[[ Information shown, beginning ]]

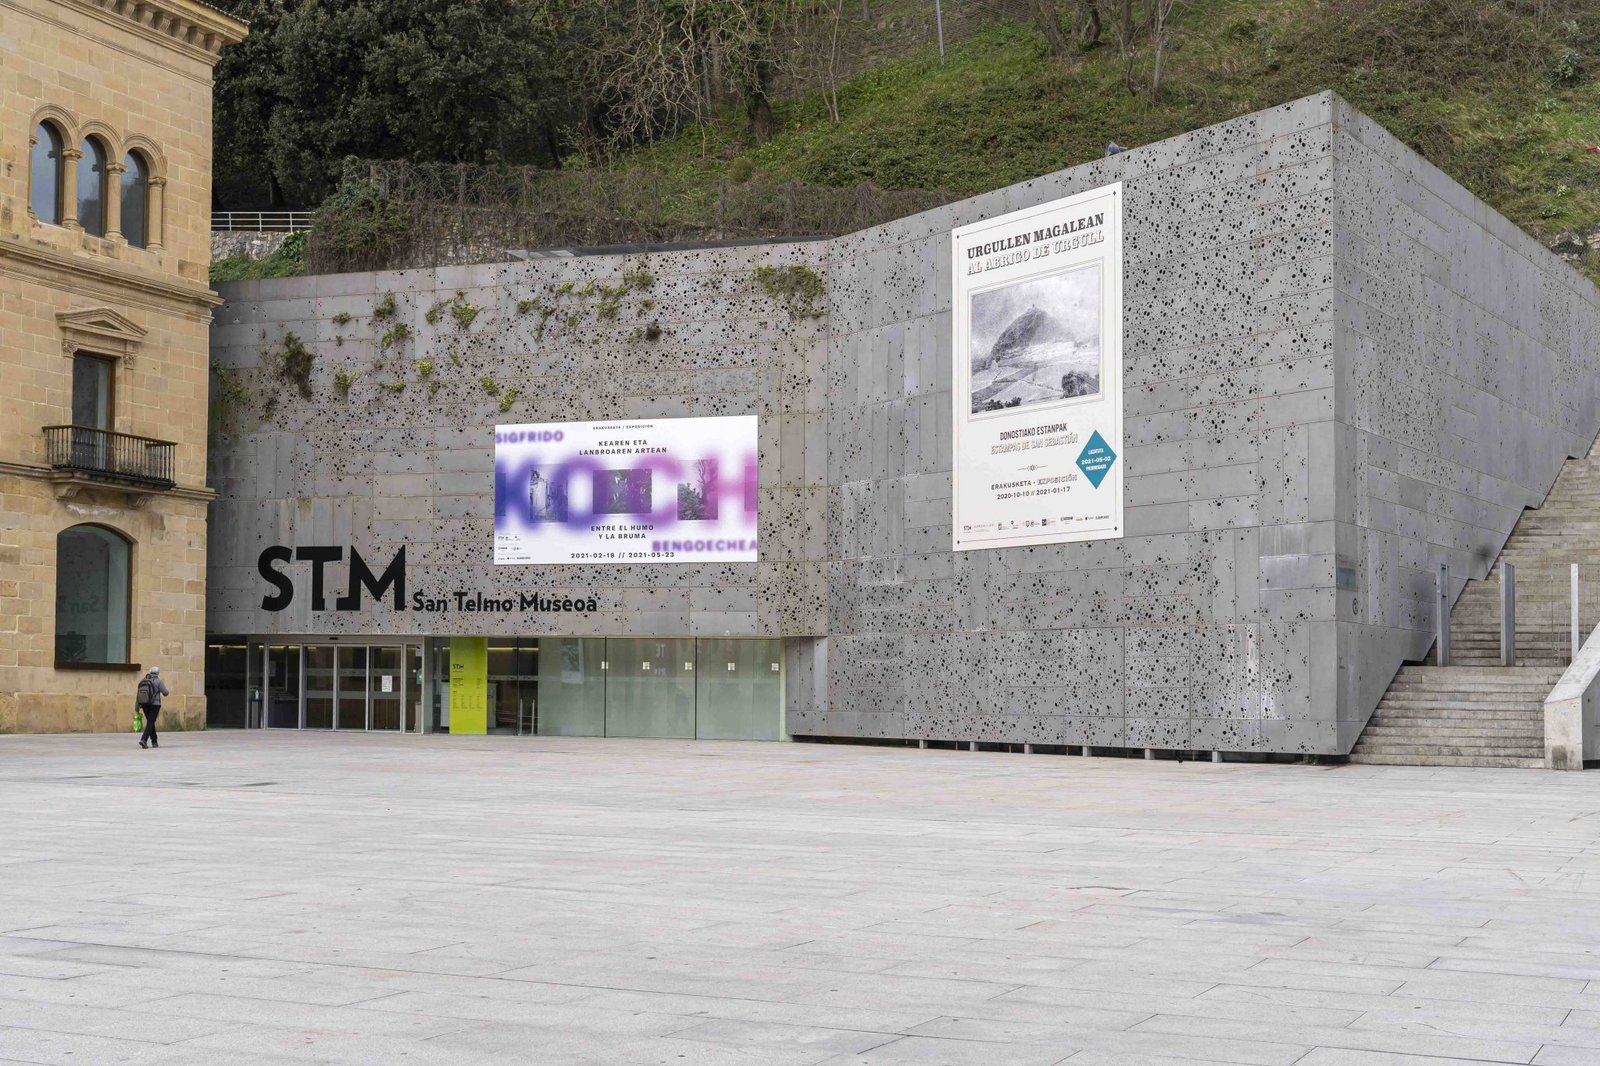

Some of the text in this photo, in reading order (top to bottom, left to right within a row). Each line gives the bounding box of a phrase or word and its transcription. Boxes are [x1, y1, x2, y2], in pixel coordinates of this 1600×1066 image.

[967, 212, 1104, 258] URGULLEN MAGALEAN
[967, 230, 1104, 275] AL ABRIGO DE URGULL
[495, 430, 564, 444] SIGFRIDO
[1000, 423, 1067, 440] DONOSTIAKO ESTANPAK
[1081, 456, 1111, 465] 2021-05-02
[991, 480, 1032, 490] ERAKUSKETA
[997, 491, 1030, 500] 2020-10-10
[1036, 486, 1070, 495] 2021-01-17
[652, 539, 757, 552] BENGOECHEA
[258, 544, 597, 612] STM San Telmo Museoa

[[ Information shown, end ]]

■ Directions for this task ■
Without the pictures, set down every entry exactly.

■ Written solution ■
Some of the text in this photo, in reading order (top to bottom, left to right within a row). Each line gives the bounding box of a phrase or word and its transcription. Boxes are [x1, y1, x2, y2], in pixel coordinates of this 1600×1066 image.

[967, 212, 1104, 258] URGULLEN MAGALEAN
[967, 230, 1104, 275] AL ABRIGO DE URGULL
[495, 430, 564, 444] SIGFRIDO
[1000, 423, 1067, 440] DONOSTIAKO ESTANPAK
[1081, 456, 1111, 465] 2021-05-02
[991, 480, 1032, 490] ERAKUSKETA
[997, 491, 1030, 500] 2020-10-10
[1036, 486, 1070, 495] 2021-01-17
[652, 539, 757, 552] BENGOECHEA
[258, 544, 597, 612] STM San Telmo Museoa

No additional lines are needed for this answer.